Juma had been “vocal” on  most of the hotest contemporary corruption topics, including the multi-faceted looting at the National Youth Service and the “Eurobond” debt.  The day of the hit, May 5, he was focused on the IEBC and “tweeted” a picture of former U.S. Ambassador Smith Hempstone from time of the end of the Cold War and the “second liberation” to the current ambassador.  

Kingara and Oulu will continue to be missed as Kenya is faced with yet another extrajudicial killing–the kind of thing that the Oscar Foundation investigated when its leaders where denounced by the Kenyan Government, then assassinated.

Assessing Kenya’s election campaign

Best new current periodical article:

“Kenya’s elections: turbulence ahead” in New African.

This piece notes the dynamics from the recent by-elections in Malindi and Kericho in the context of the refusal to address the outstanding corruption matters with the IEBC from the most recent general elections, most notoriously the Smith & Ouzman convictions.

It can be no surprise in context to Kenya watchers to see the Uhuruto administration teargassing opposition protests of Hassan and company at the IEBC this week.

It would seem that we can safely say that the demise of any remedial action associated with the Post Election Violence has now brought to an unsuccessful close the notion of a post-2008 “reform agenda” with the exception of the fact of devolution.  De facto implementation of most of the promise of distributed and restrained powers of His Excellency Hon.
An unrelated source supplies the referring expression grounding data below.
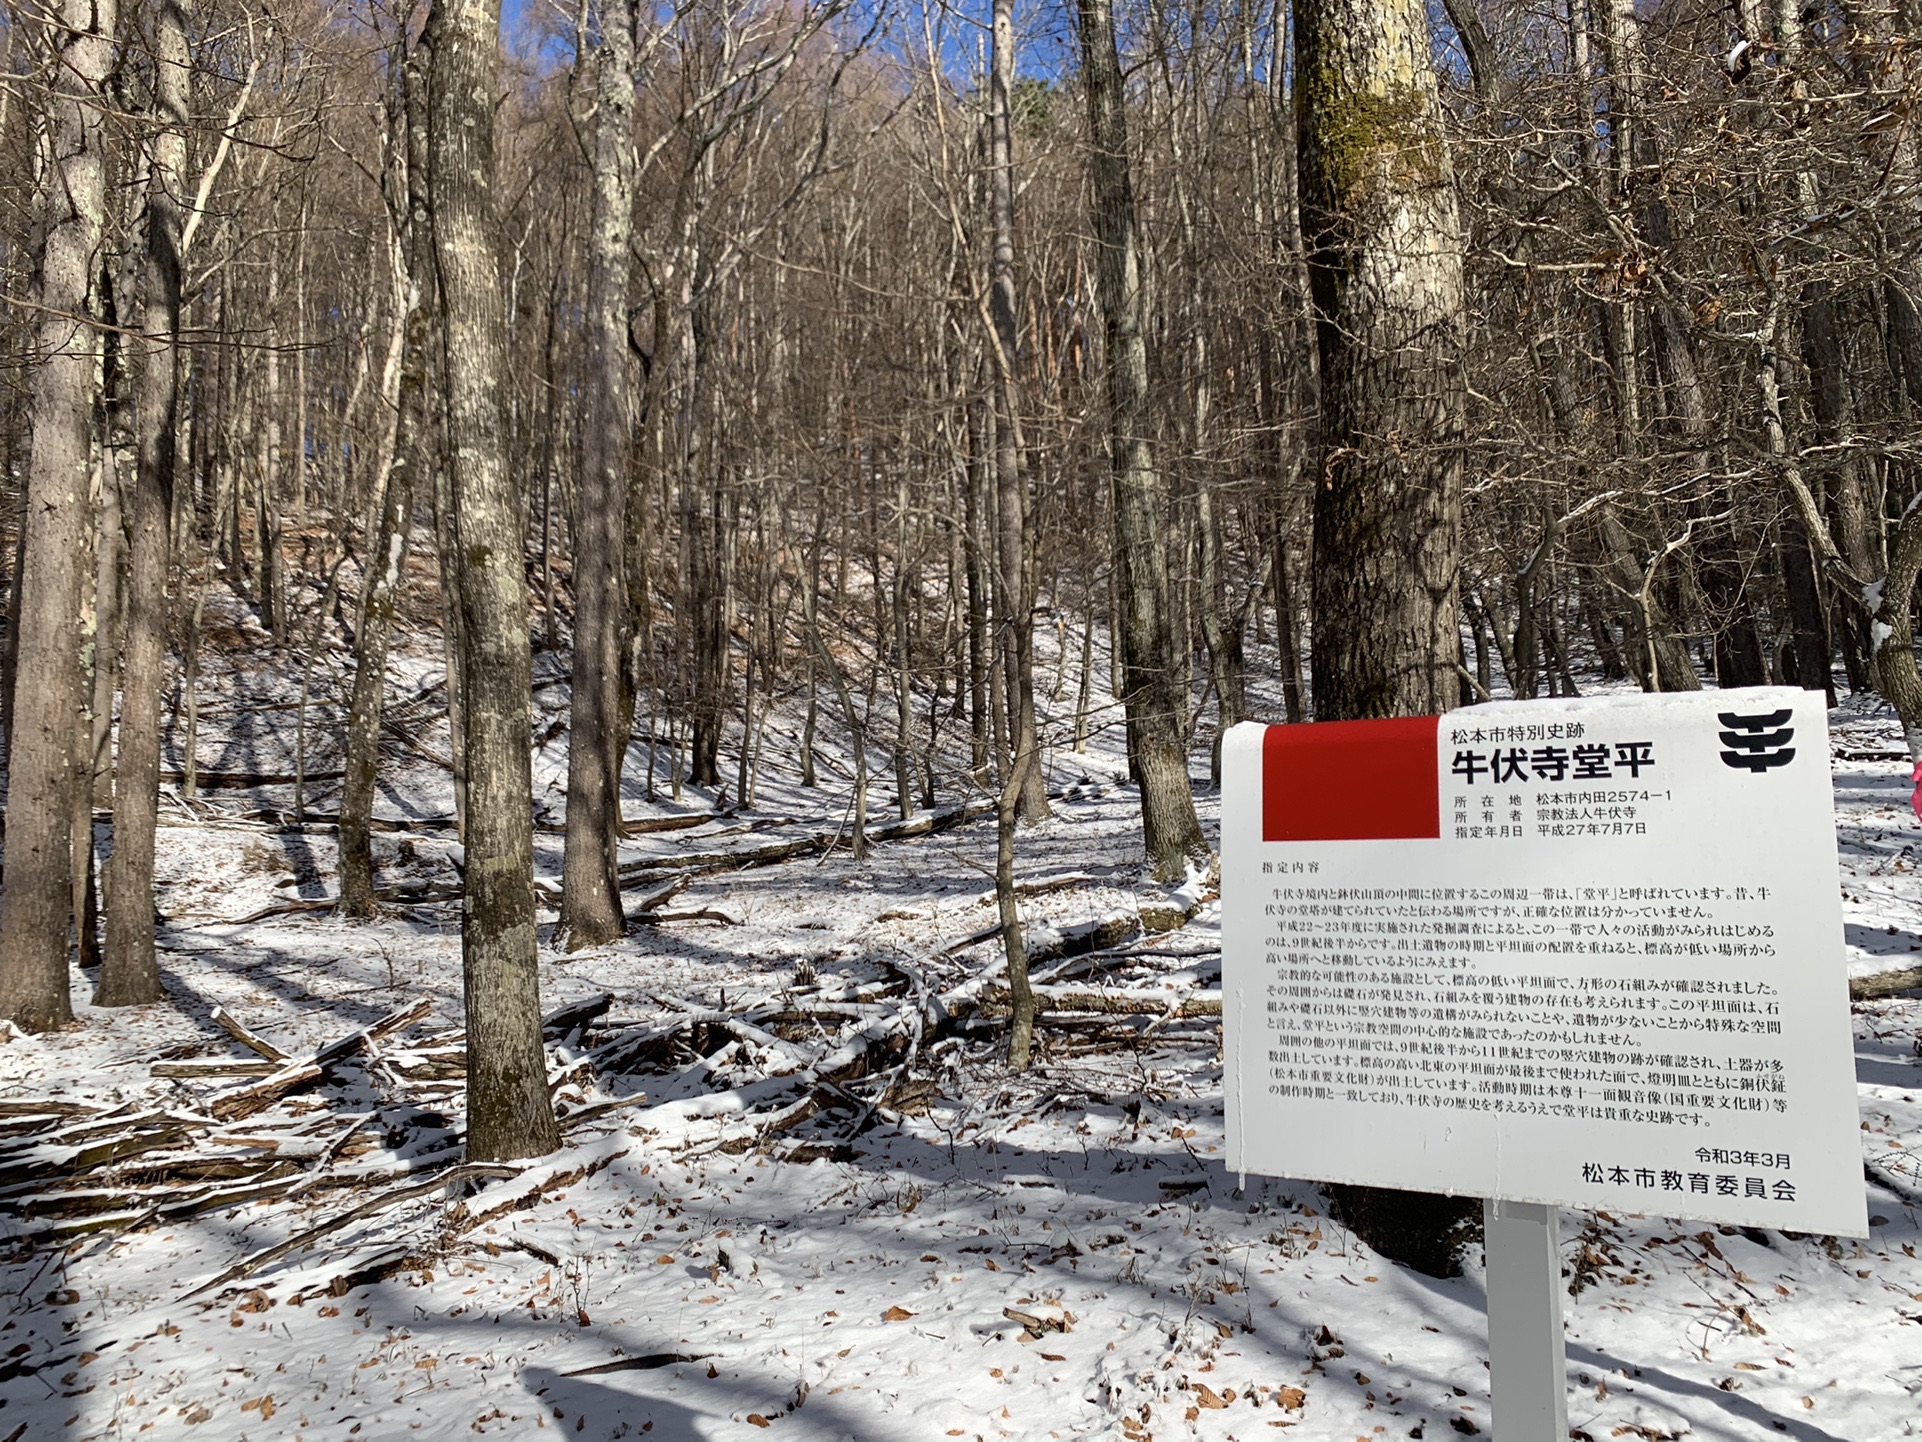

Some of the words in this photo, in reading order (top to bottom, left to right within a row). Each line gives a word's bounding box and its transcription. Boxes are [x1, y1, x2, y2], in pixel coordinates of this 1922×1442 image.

[1450, 722, 1585, 745] 松本市特別史跡
[1451, 741, 1655, 785] 牛伏寺堂平
[1536, 806, 1637, 822] 宗教法人牛伏寺
[1455, 825, 1523, 840] 指定年月日
[1537, 822, 1647, 838] 平成27年7月7日
[1262, 861, 1320, 874] 指定内容
[1694, 1147, 1791, 1170] 令和3年3月
[1582, 1162, 1797, 1202] 松本市教育委員会
C.g.h., President and Commander in Chief of the Defense Forces of the Republic of Kenya will await another political epoch.  Certainly the IEBC now lacks the credibility the ECK had in 2006-07.
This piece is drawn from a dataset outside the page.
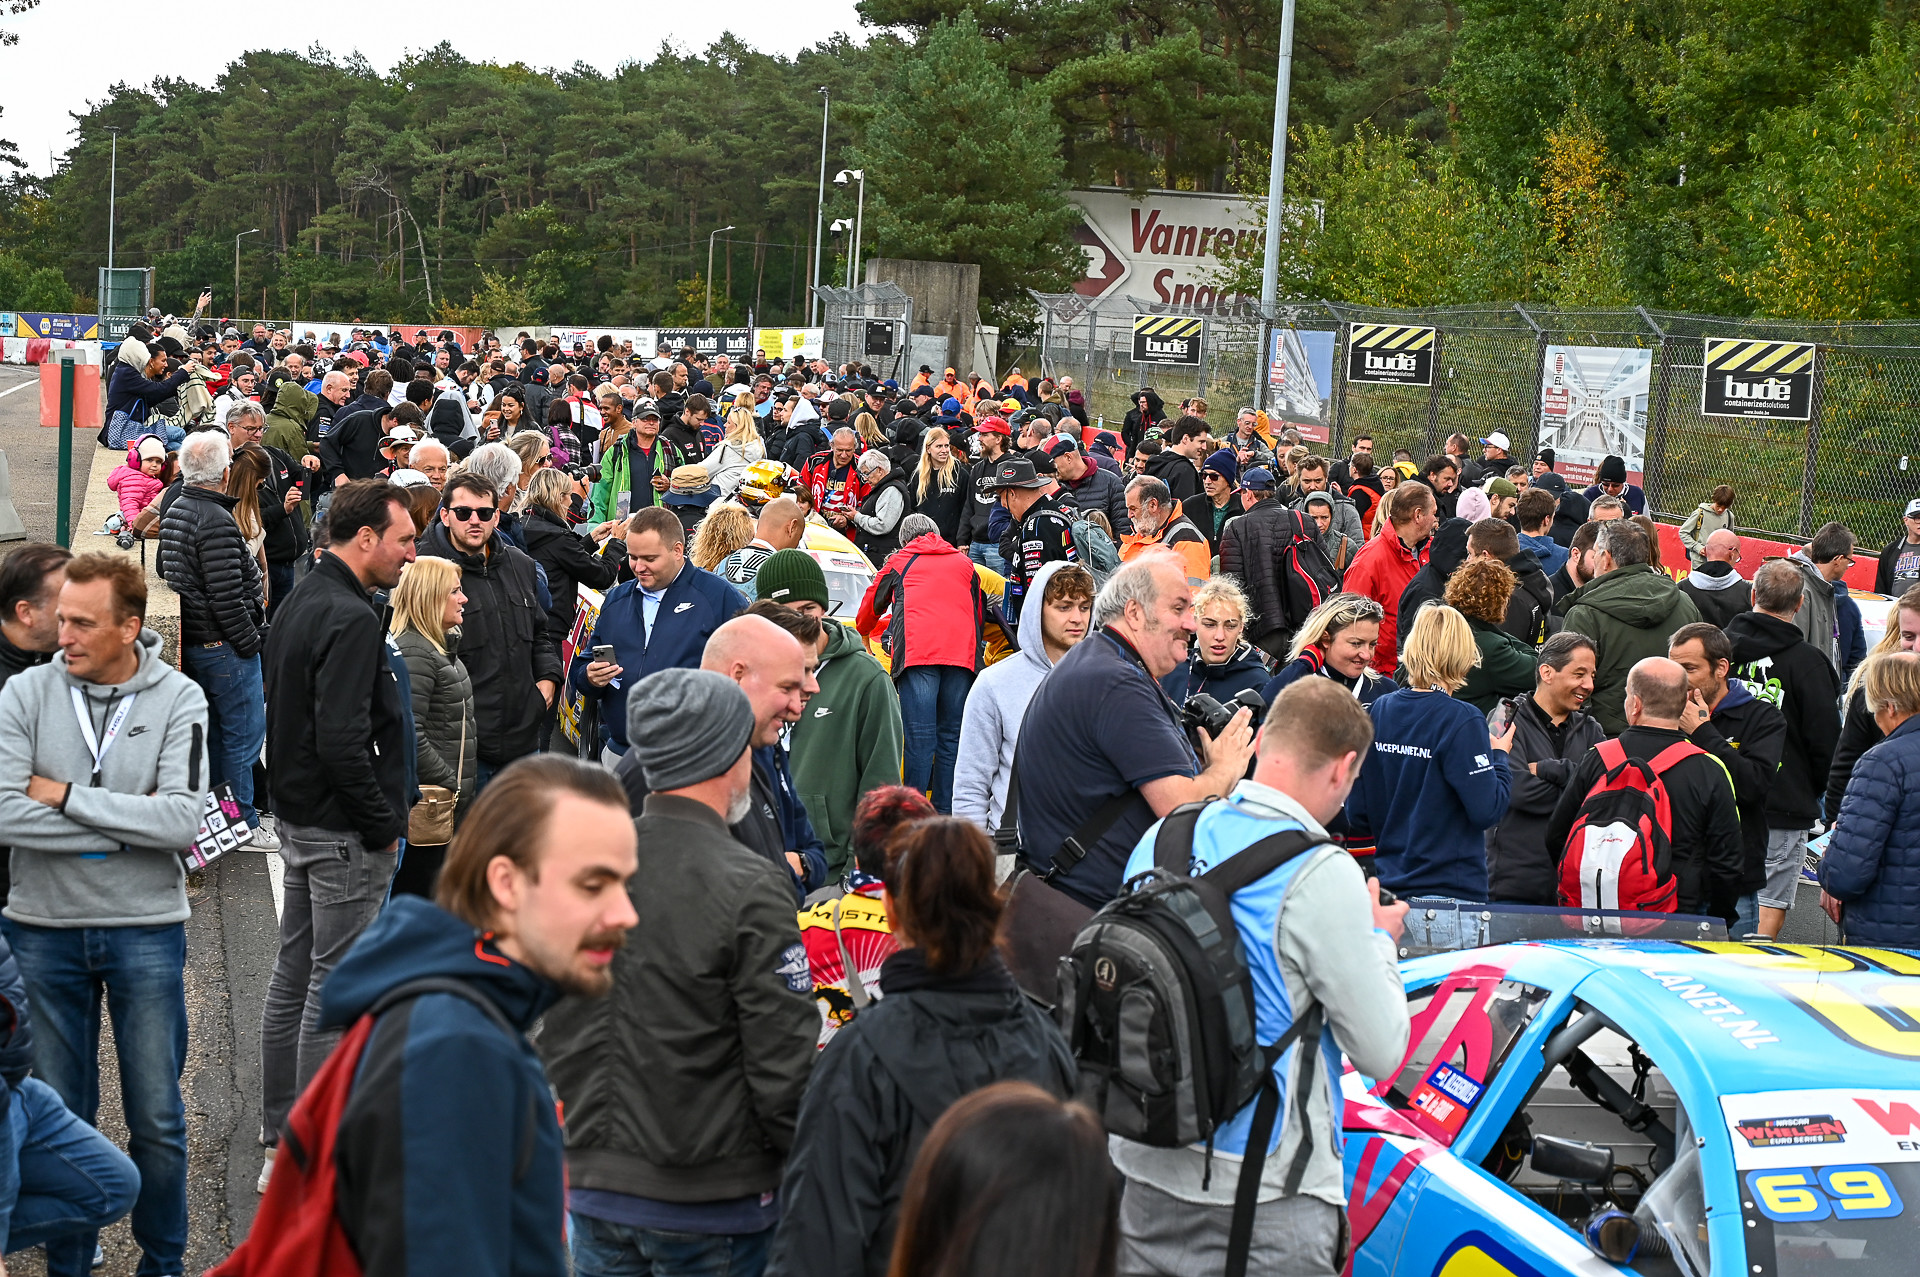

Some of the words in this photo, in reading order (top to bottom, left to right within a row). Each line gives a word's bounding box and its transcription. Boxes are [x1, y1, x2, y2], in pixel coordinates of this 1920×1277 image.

The American Deputy Secretary of State will arrive soon for a “bonfire of the ivories” and regional confab about how to save what’s left of the African elephants from poaching, giving important visibility and associational credibility again to the messaging of the Kenyatta administration.  I assume that “we” think this will help the elephants in some fashion even if Kenyatta’s family doesn’t have to explain itself on the issue and corruption in other areas continues to burgeon.  Apparently diplomatic manners allow us to memorialize elephants cut down by violence if not so much the PEV victims and witnesses at this juncture.

Mudavadi offers wise response to Uhuruto victory rally on Post Election Violence

“Greatness is not attained by glorifying yourself in times of victory. It comes only when you handle victory in great humility,” he said.

The former Vice President said the Afraha rally was in bad faith particularly for the 2007-08 post-election violence victims who are still in tears and despair nine years later.

“Kenya’s healing lies not in holding a roadshow prayer rally. It lies in the Truth Justice and Reconciliation Commission (TJRC) report which Jubilee, with her numbers, has deliberately failed to push for adoption in Parliament. The report offers better options for healing, compensation of PEV victims, cohesion and measures of dealing with ethnicity that has crippled our state,” he said.

Mudavadi dismisses Afraha rally as “roadshow”.

Mudavadi was Raila’s running mate in 2007 and presumably would have been in place to become Prime Minister under a new constitution if the Kibaki vote totals had not been marked up at the ECK to keep Kibaki in office and unleashing carnage.  In 2012, Mudavadi was the original choice of some more responsible, less jingoistic elements of the Kikuyu establishment over Uhuru, and had a signed deal for Uhuru’s support, for which Uhuru reneged.  Ultimately, Mudavadi seems to have proved to be too temperate, too sober for the times.

From this blog four years ago:

The political establishment in Kenya will not be easily moved in the 2012 elections, now most likely ending up to be in 2013 through a complicated series of legal wickets for which no one has claimed responsibility and for which there is no obvious popular support. I hope it is finally dawning of any doubters that the Government of Kenya as an institution is quite mobilized on balance to try to stop the ICC, as it has been–and not in favor of any substitute local justice mechanism.